• PROBLEM DESCRIPTION:
The answer is the full set of records, given again exactly and without images.
### STUDY MATERIAL ###
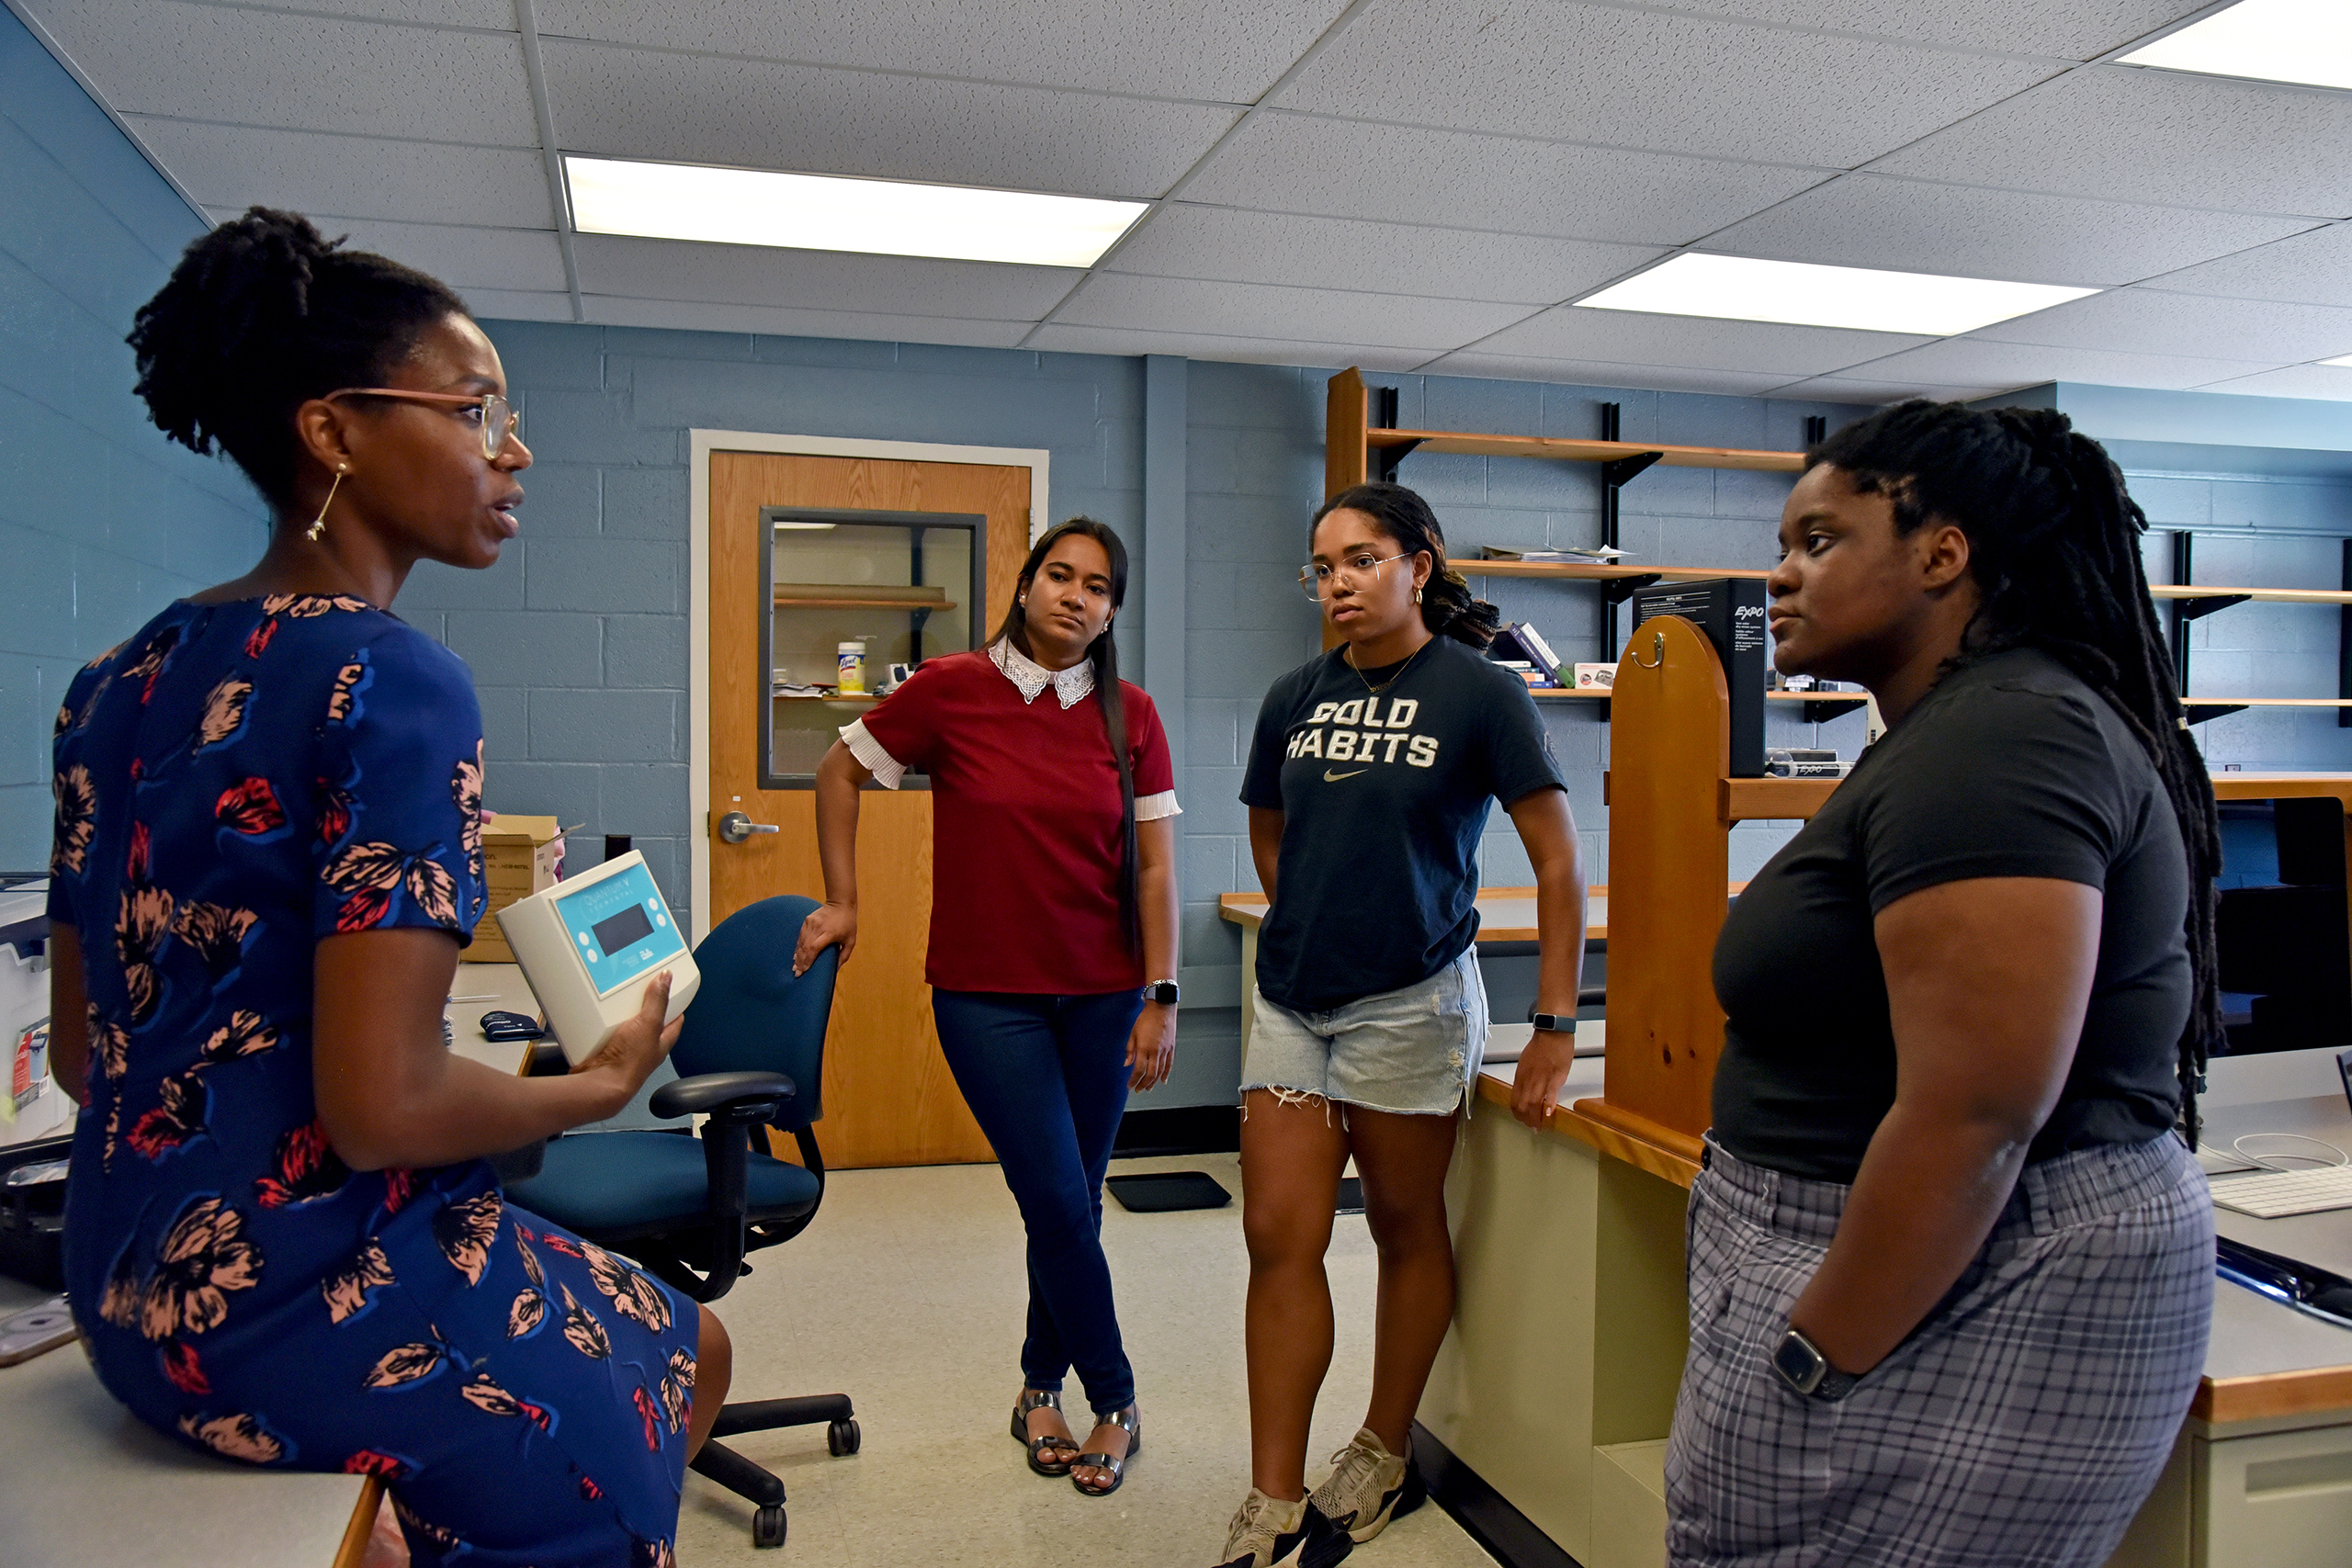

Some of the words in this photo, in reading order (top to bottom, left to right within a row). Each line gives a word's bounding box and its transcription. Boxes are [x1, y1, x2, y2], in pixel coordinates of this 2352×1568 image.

[1735, 605, 1764, 620] EXPO
[1286, 728, 1439, 768] HABITS
[1799, 765, 1823, 776] EXPO
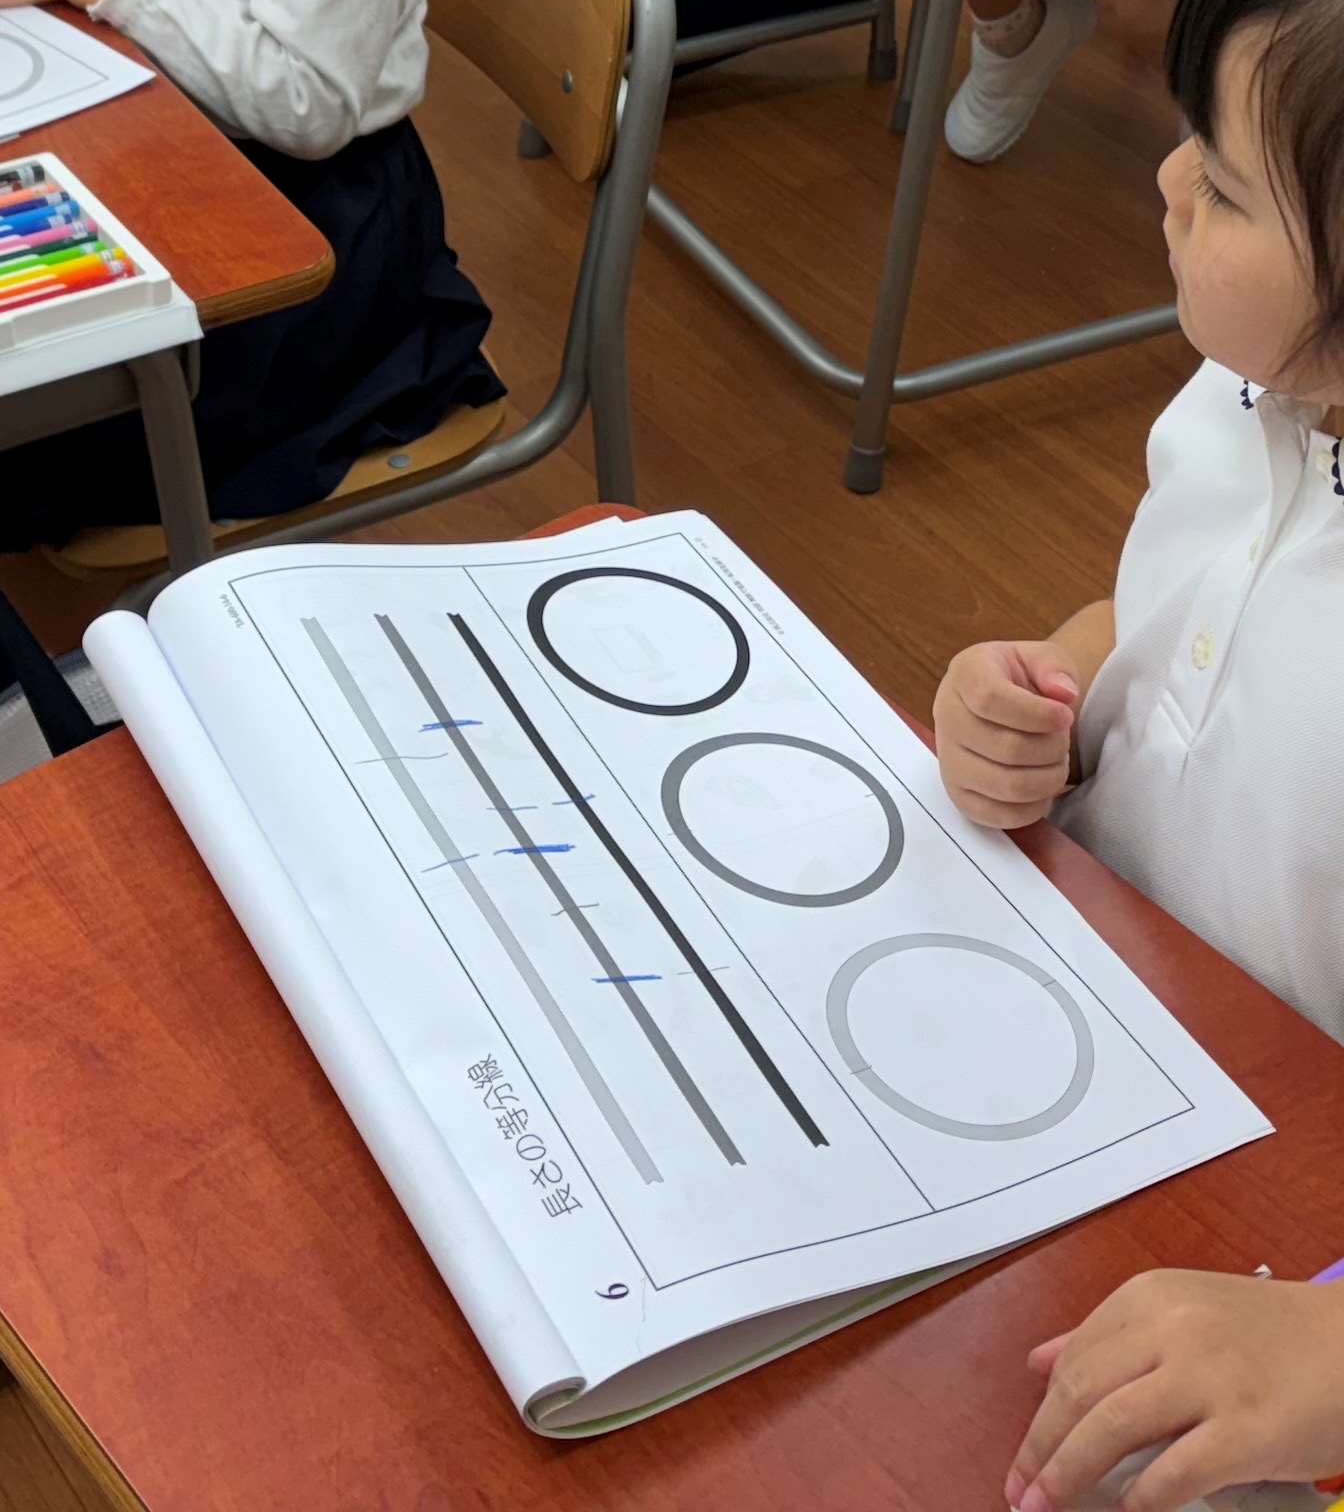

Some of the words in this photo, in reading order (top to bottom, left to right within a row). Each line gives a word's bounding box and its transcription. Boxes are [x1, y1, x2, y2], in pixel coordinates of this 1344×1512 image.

[466, 1052, 584, 1219] 長さの等分線
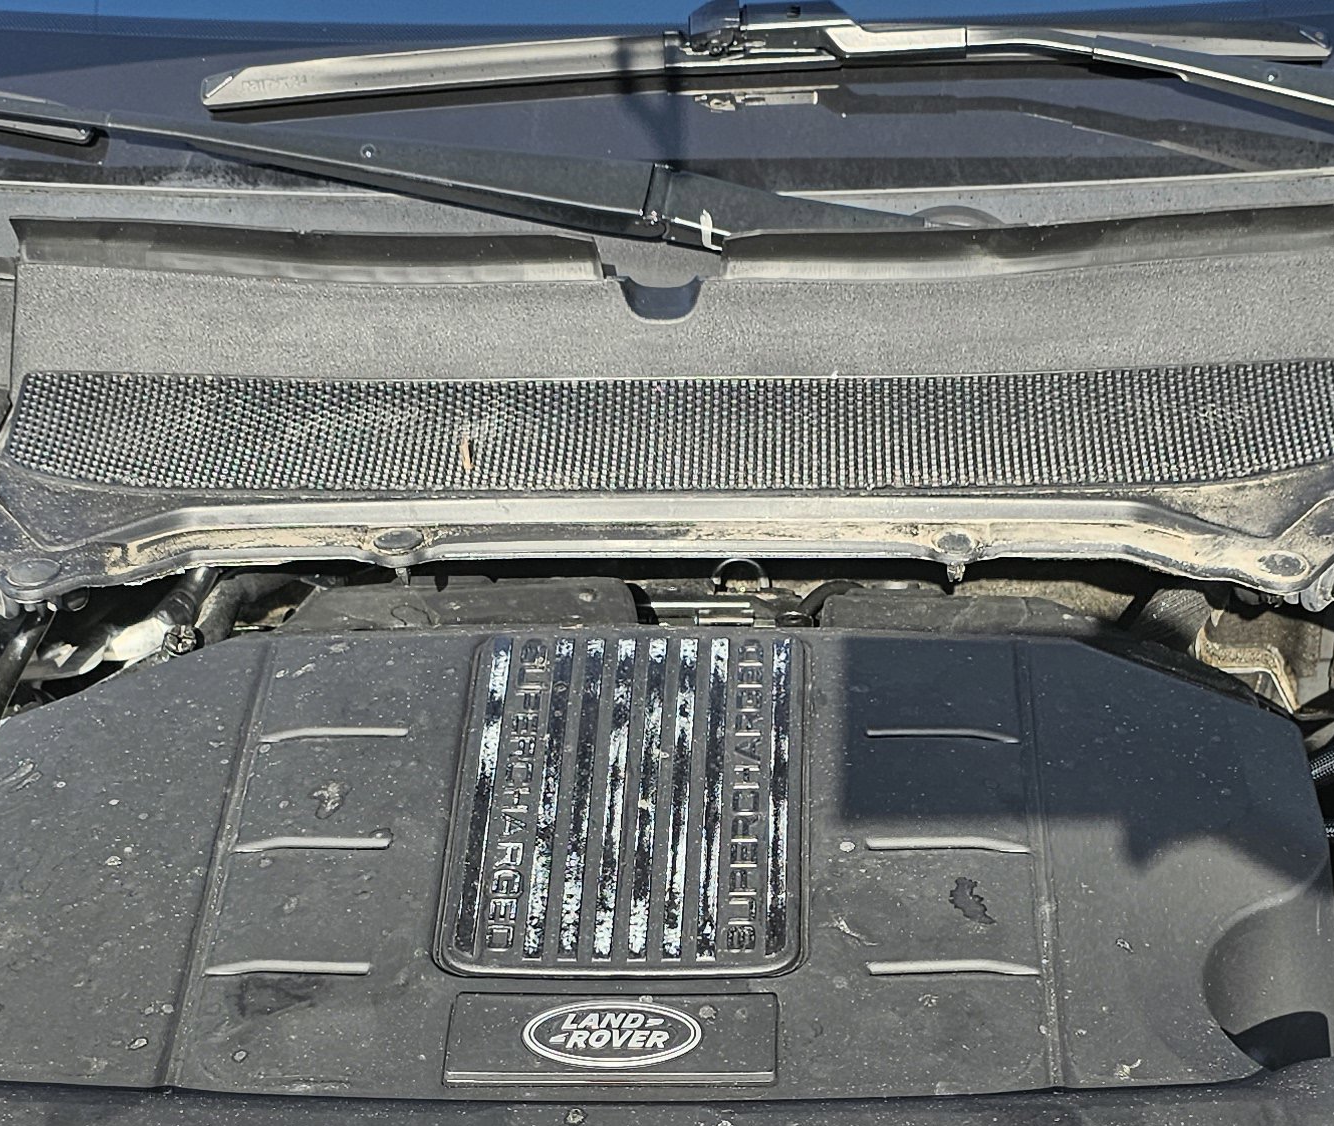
###
• YOUR SOLUTION:
Some of the words in this photo, in reading order (top to bottom, left to right within a row). Each line gives a word's bounding box and its transcription. Boxes are [x1, y1, x2, y2], in pixel coordinates of this 2352×1568 image.

[1735, 605, 1764, 620] EXPO
[1286, 728, 1439, 768] HABITS
[1799, 765, 1823, 776] EXPO

Some of the words in this photo, in reading order (top to bottom, left to right within a row). Each line gives a word's bounding box and its transcription. Boxes are [x1, y1, x2, y2], in pixel coordinates of this 1344×1512 image.

[466, 1052, 584, 1219] 長さの等分線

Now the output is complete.